Hull House, established in Chicago, Illinois in 1889, was one of the first settlement houses in the United States. Co-founded by volunteers Jane Addams and Ellen Gates Starr, Hull House eventually became one of America’s largest settlement houses with thirteen buildings to house facilities. Under Addams’ leadership, Hull House’s renowned social, educational and artistic programs earned it the reputation of best-known settlement house in the United States, sparking a national movement which lead to the founding of nearly five hundred similar settlements by 1920.

Beyond helping people directly by providing needed local programs, the ladies involved in Hull House were active in social reform on the local, state, and national levels. Through their efforts, legislation was enacted regarding child labor, education, worker's compensation, occupational safety, and other significant social issues.
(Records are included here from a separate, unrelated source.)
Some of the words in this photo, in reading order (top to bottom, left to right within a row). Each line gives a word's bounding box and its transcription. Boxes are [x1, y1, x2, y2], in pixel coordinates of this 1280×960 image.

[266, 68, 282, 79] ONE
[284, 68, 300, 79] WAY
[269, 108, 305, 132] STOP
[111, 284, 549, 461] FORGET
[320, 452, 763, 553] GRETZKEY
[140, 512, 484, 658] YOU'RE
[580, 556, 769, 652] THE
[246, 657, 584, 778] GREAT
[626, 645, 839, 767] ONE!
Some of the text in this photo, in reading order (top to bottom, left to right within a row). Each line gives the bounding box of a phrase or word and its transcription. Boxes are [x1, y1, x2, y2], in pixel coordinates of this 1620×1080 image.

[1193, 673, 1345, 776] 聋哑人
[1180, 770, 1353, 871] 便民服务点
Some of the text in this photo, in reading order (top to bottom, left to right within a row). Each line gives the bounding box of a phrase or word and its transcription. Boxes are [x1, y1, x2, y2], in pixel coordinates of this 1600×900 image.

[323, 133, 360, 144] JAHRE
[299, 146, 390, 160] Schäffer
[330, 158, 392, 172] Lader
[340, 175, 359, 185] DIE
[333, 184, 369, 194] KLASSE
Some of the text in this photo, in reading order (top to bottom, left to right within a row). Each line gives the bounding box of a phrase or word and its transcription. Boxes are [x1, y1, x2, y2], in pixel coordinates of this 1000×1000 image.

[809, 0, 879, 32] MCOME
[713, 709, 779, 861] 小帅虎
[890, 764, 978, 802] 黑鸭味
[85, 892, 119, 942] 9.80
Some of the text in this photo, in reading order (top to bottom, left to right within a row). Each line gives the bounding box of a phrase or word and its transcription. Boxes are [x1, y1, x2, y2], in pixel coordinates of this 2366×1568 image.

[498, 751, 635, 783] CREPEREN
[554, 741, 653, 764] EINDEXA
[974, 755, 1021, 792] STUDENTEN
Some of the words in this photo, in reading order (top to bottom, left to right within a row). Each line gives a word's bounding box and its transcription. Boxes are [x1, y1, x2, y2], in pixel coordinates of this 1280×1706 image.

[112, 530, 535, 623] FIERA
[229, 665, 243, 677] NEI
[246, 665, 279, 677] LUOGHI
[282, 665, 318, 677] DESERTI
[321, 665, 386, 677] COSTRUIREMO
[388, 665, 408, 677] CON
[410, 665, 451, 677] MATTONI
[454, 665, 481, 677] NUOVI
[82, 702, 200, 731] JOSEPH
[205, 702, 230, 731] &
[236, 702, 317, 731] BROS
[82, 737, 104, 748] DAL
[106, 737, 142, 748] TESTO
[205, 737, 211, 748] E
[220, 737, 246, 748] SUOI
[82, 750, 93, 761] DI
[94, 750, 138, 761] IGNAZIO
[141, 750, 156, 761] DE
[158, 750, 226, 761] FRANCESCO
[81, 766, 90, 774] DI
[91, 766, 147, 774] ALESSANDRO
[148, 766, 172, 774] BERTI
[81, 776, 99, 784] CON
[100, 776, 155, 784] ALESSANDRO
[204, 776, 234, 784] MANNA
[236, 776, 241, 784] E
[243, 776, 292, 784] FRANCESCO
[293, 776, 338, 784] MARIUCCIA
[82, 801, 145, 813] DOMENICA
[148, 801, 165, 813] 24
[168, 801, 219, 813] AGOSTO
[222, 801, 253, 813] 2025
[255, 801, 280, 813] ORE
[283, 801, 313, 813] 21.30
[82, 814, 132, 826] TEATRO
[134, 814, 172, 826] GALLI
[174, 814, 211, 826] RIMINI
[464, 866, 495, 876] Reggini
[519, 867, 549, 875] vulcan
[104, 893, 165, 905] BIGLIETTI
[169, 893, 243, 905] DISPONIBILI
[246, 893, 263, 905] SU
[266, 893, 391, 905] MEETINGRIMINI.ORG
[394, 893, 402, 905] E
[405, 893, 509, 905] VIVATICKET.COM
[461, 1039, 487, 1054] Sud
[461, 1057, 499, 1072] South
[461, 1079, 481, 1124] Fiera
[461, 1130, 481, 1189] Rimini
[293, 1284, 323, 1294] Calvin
Hull House was thus the home not just for individual advancement but also for changes that impacted society as a whole.


As founded by Jane Addams and Ellen Gates Starr, the main purpose of Hull House was to provide social and educational opportunities for working class people within the urban Chicago neighborhood, many of whom were recent immigrants to Chicago’s Near West Side.

The objective of Hull House, as stated in its 1889 charter, was: “To provide a center for a higher civic and social life; to institute and maintain educational and philanthropic enterprises, and to investigate and improve the conditions in the industrial districts of Chicago.”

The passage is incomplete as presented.